McIlroy’s vision is for the game to come together with a global calendar that benefits everyone. He told BBC Northern Ireland last week that he would like to see it done by the end of the year.

There is impatience.

It is now 17 months since the shock announcement of a ‘framework agreement’ that was prematurely portrayed as a merger between the PGA and DP World Tours and LIV.

Very little has emerged, other than the formation of the for-profit umbrella PGA Tour Enterprises company that has $1.5bn (£1.15bn) of funding from the US-based sports venture capitalist Strategic Sports Group.

It is thought SSG want a Saudi deal done quickly. That could also suit the PIF and LIV players, who are wondering what the long term future holds for their circuit.

The DP World Tour is increasingly keen to know the outlook of the men’s pro game. But is there the same urgency for the PGA Tour?

They have lucrative TV contracts secured for the rest of the decade, sponsors in place and seemingly unwavering support from their season-long backer, FedEx.

Might they just want to play for time, see how LIV reacts as contracts with several of their initial crop of players begin to expire? Will the Saudis continue to send massive oil soaked cheques to pick off top PGA Tour players? Who knows?

Monahan, and influential board members such as Patrick Cantlay and Tiger Woods, might want to wait and see.
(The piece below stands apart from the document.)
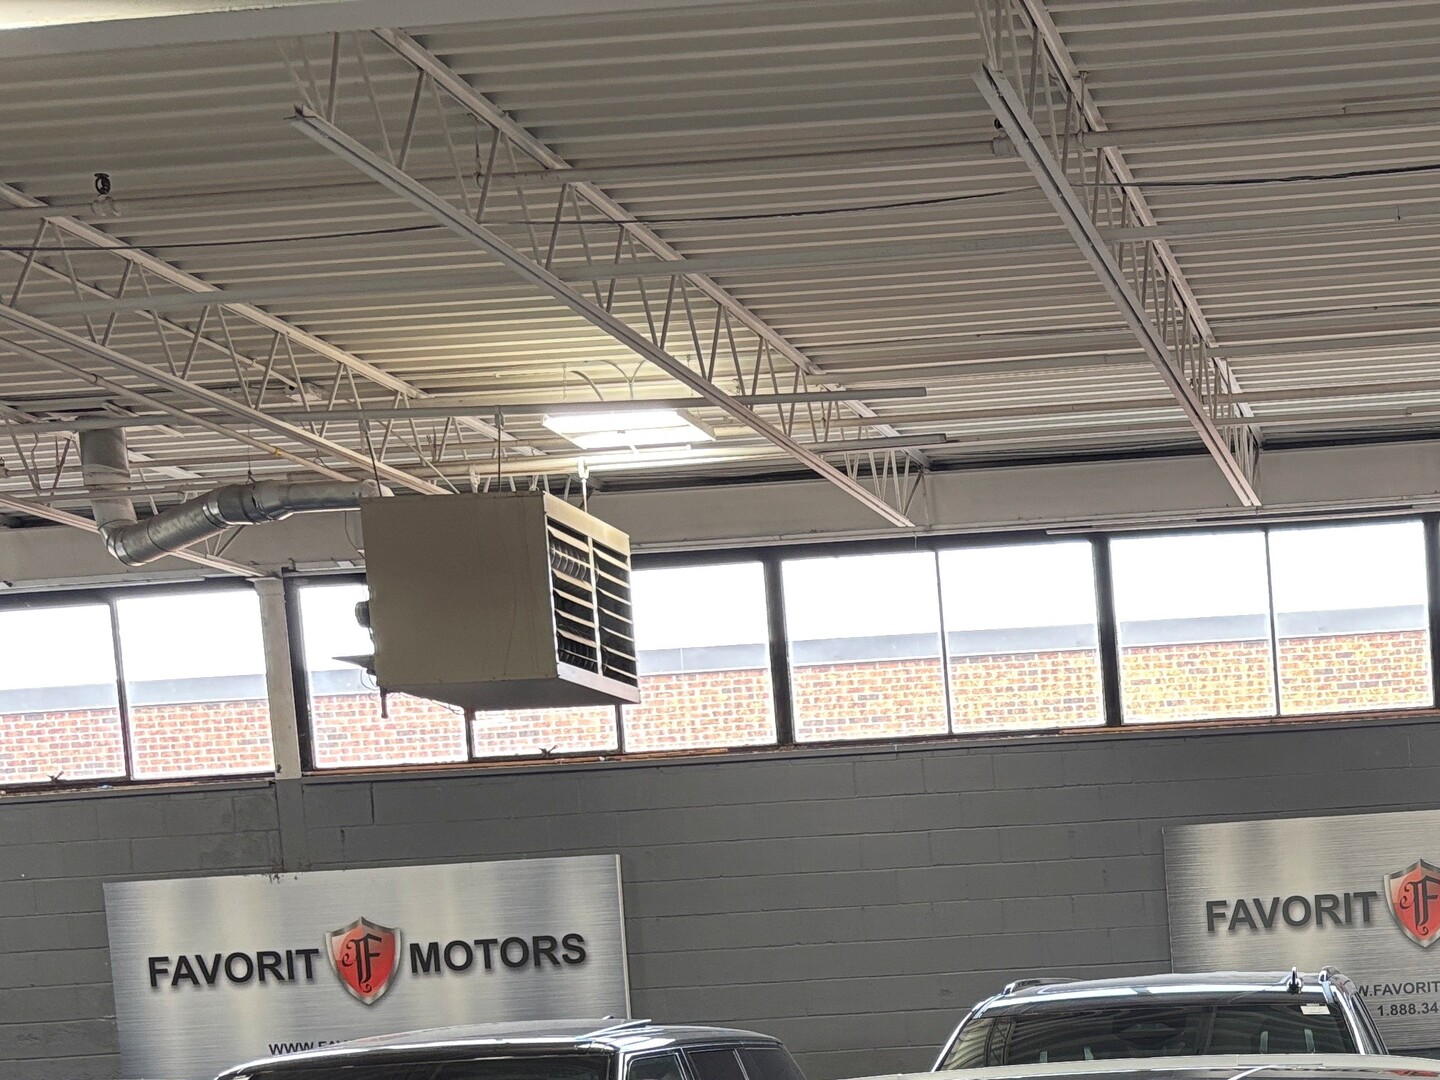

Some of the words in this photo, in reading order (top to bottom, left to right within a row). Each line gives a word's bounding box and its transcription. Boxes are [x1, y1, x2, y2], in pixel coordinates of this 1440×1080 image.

[1206, 891, 1377, 932] FAVORIT
[148, 948, 320, 987] FAVORIT
[410, 933, 587, 974] MOTORS
This could further frustrate the fragile peace process aimed at ending an increasingly tedious stand off.

But the Dunhill showed there is a potential alternative path for the DP World Tour that, at the very least, provides Kinnings with some leverage to give Monahan and co the hurry up.

Back in the 19th century, Old Tom was golf’s most important pioneer. He helped make St Andrews the undisputed ‘home of golf’ but Morris Snr’s influence was felt far and wide. He truly – to use the LIV buzz phrase – “grew the game”.

Maybe, just maybe, the arrival of his long-awaited statue has coincided with the next significant steps to be taken by his sport.